[Opening RECORD EXTRACTS section]
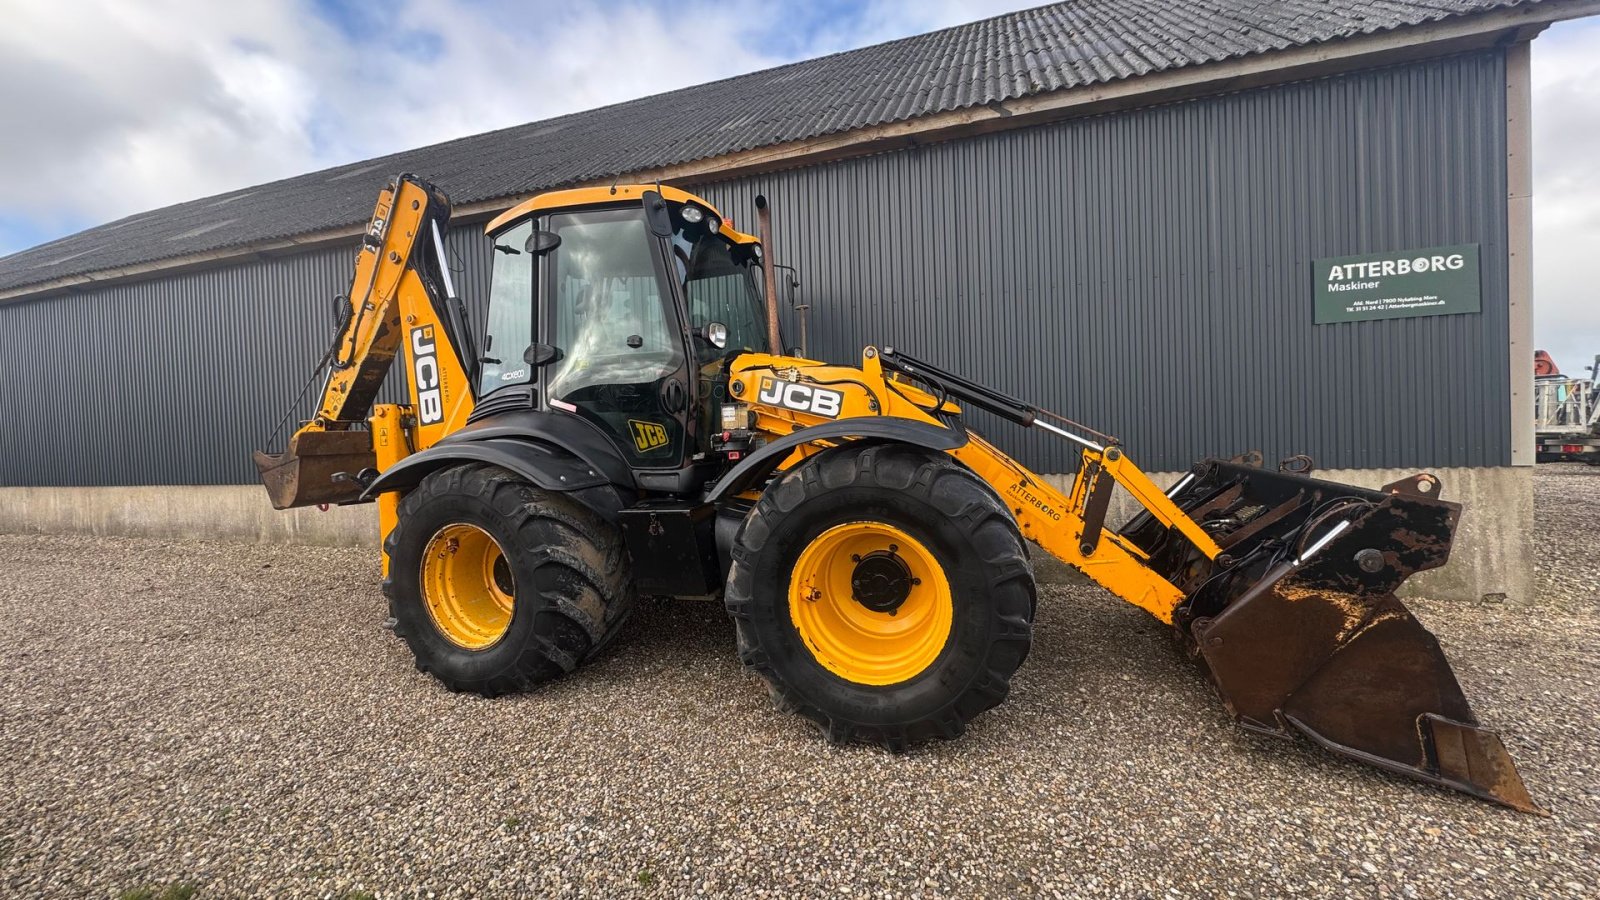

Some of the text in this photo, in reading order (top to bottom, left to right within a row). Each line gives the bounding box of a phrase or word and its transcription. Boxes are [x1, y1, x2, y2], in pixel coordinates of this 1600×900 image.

[1328, 254, 1464, 281] ATTERBORG
[1327, 281, 1380, 292] Maskiner
[412, 329, 442, 424] JCB
[760, 381, 841, 417] JCB
[635, 423, 667, 449] JCB
[1009, 483, 1061, 521] ATTERBORG
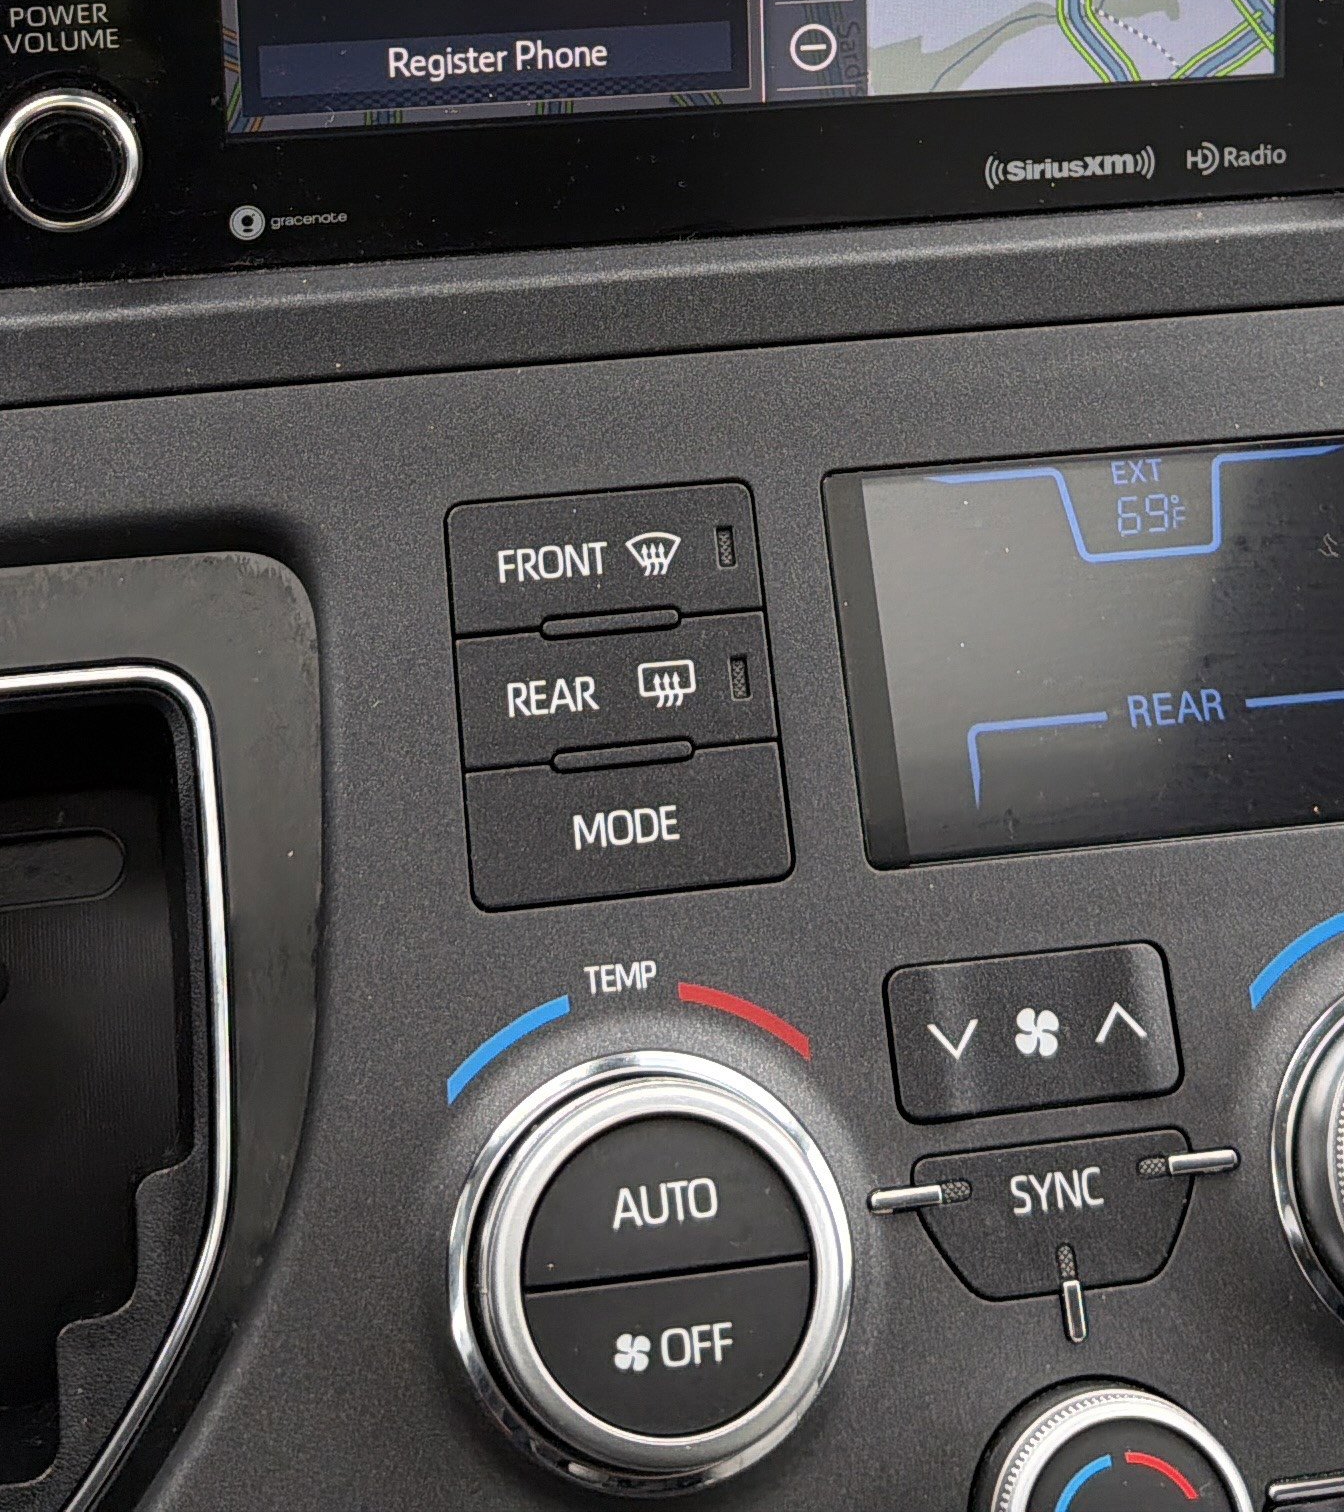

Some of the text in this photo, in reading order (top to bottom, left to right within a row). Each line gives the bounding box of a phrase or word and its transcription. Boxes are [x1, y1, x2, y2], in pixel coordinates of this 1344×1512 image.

[9, 2, 109, 28] POWER
[3, 28, 120, 53] VOLUME
[387, 40, 609, 82] Register Phone
[1186, 141, 1288, 176] HD Radio
[270, 212, 348, 230] gracenote
[1111, 458, 1162, 485] EXT
[497, 541, 608, 584] FRONT
[507, 675, 600, 718] REAR
[1128, 689, 1226, 728] REAR
[572, 805, 682, 851] MODE
[584, 960, 658, 994] TEMP
[611, 1176, 719, 1229] AUTO
[1010, 1166, 1105, 1215] SYNC
[660, 1322, 734, 1369] OFF
[Closing RECORD EXTRACTS section]
Your answer should be every line above, written out exactly, with no pictures.

● RESPONSE TO THIS TASK:
Some of the text in this photo, in reading order (top to bottom, left to right within a row). Each line gives the bounding box of a phrase or word and its transcription. Boxes are [x1, y1, x2, y2], in pixel coordinates of this 1600×900 image.

[1328, 254, 1464, 281] ATTERBORG
[1327, 281, 1380, 292] Maskiner
[412, 329, 442, 424] JCB
[760, 381, 841, 417] JCB
[635, 423, 667, 449] JCB
[1009, 483, 1061, 521] ATTERBORG

Some of the text in this photo, in reading order (top to bottom, left to right within a row). Each line gives the bounding box of a phrase or word and its transcription. Boxes are [x1, y1, x2, y2], in pixel coordinates of this 1344×1512 image.

[9, 2, 109, 28] POWER
[3, 28, 120, 53] VOLUME
[387, 40, 609, 82] Register Phone
[1186, 141, 1288, 176] HD Radio
[270, 212, 348, 230] gracenote
[1111, 458, 1162, 485] EXT
[497, 541, 608, 584] FRONT
[507, 675, 600, 718] REAR
[1128, 689, 1226, 728] REAR
[572, 805, 682, 851] MODE
[584, 960, 658, 994] TEMP
[611, 1176, 719, 1229] AUTO
[1010, 1166, 1105, 1215] SYNC
[660, 1322, 734, 1369] OFF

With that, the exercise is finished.